Nothing but the images is to be left out of your exact copy of the entries.

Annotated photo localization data
_ _ _ _

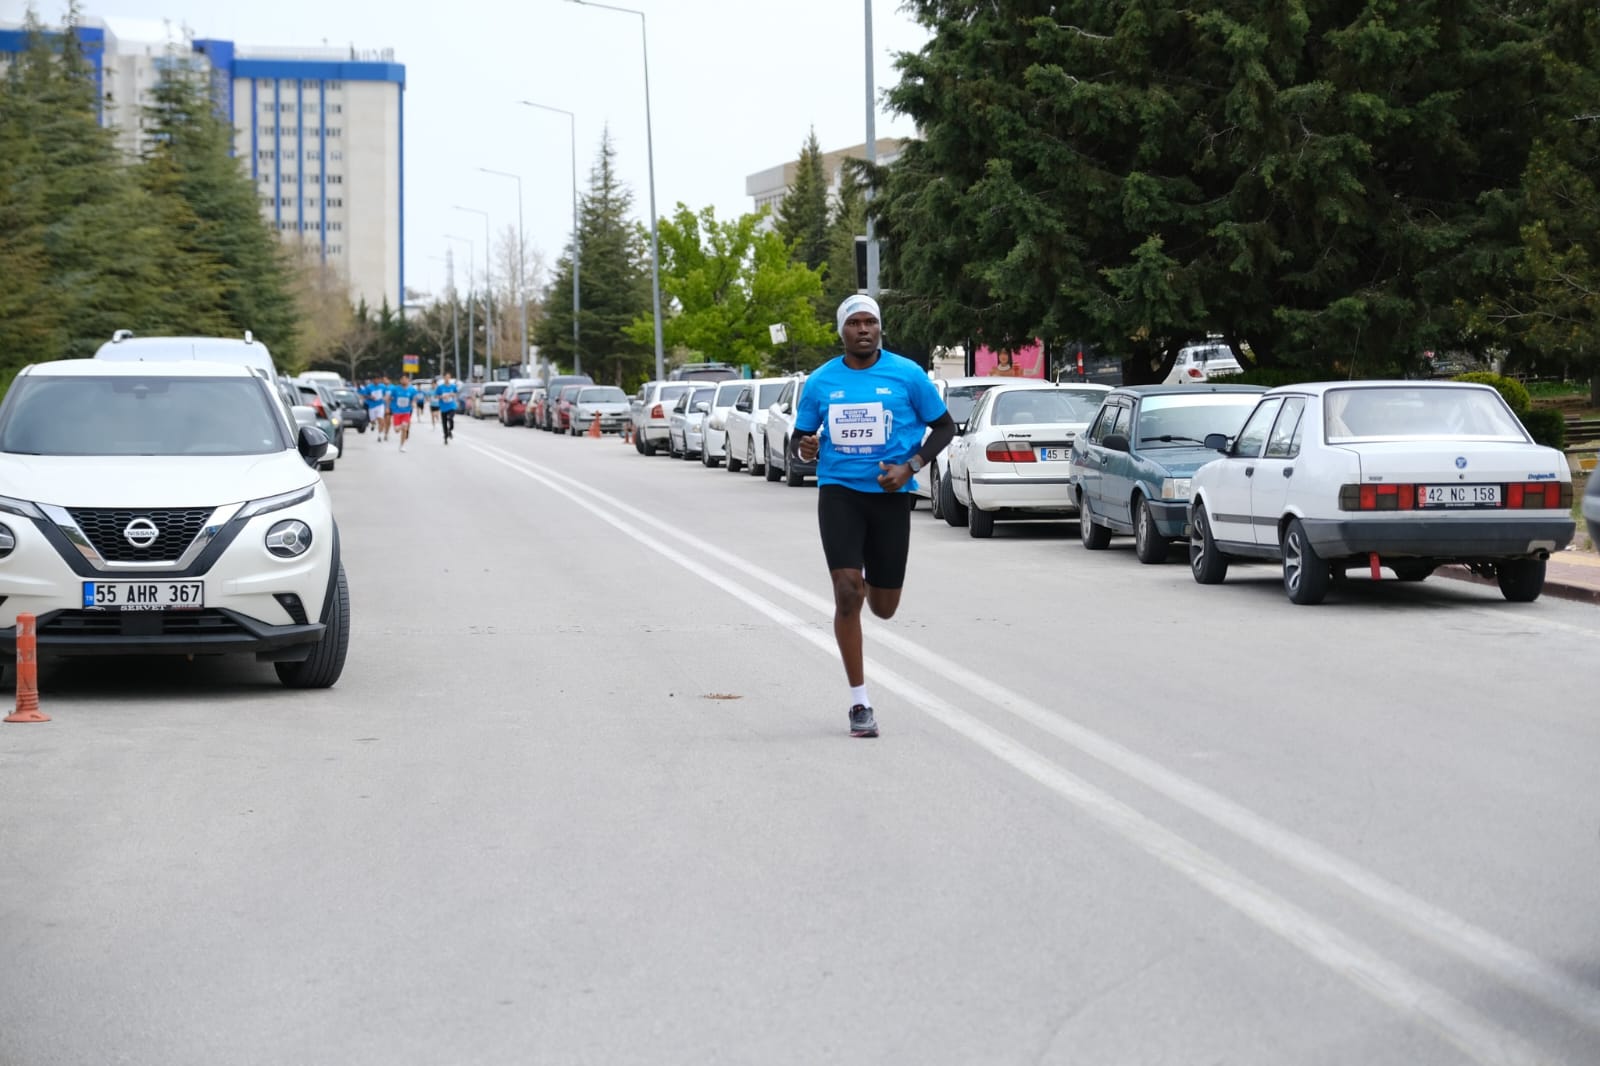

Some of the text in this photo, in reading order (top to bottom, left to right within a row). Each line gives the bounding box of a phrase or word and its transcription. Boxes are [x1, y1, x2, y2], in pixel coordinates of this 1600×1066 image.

[841, 428, 873, 438] 5675
[1047, 450, 1058, 459] 45
[1428, 488, 1495, 501] 42 NC 158
[96, 585, 200, 603] 55 AHR 367

_ _ _ _

**RESPONSE AREA:**
Some of the text in this photo, in reading order (top to bottom, left to right within a row). Each line gives the bounding box of a phrase or word and its transcription. Boxes are [x1, y1, x2, y2], in pixel coordinates of this 1600×1066 image.

[841, 428, 873, 438] 5675
[1047, 450, 1058, 459] 45
[1428, 488, 1495, 501] 42 NC 158
[96, 585, 200, 603] 55 AHR 367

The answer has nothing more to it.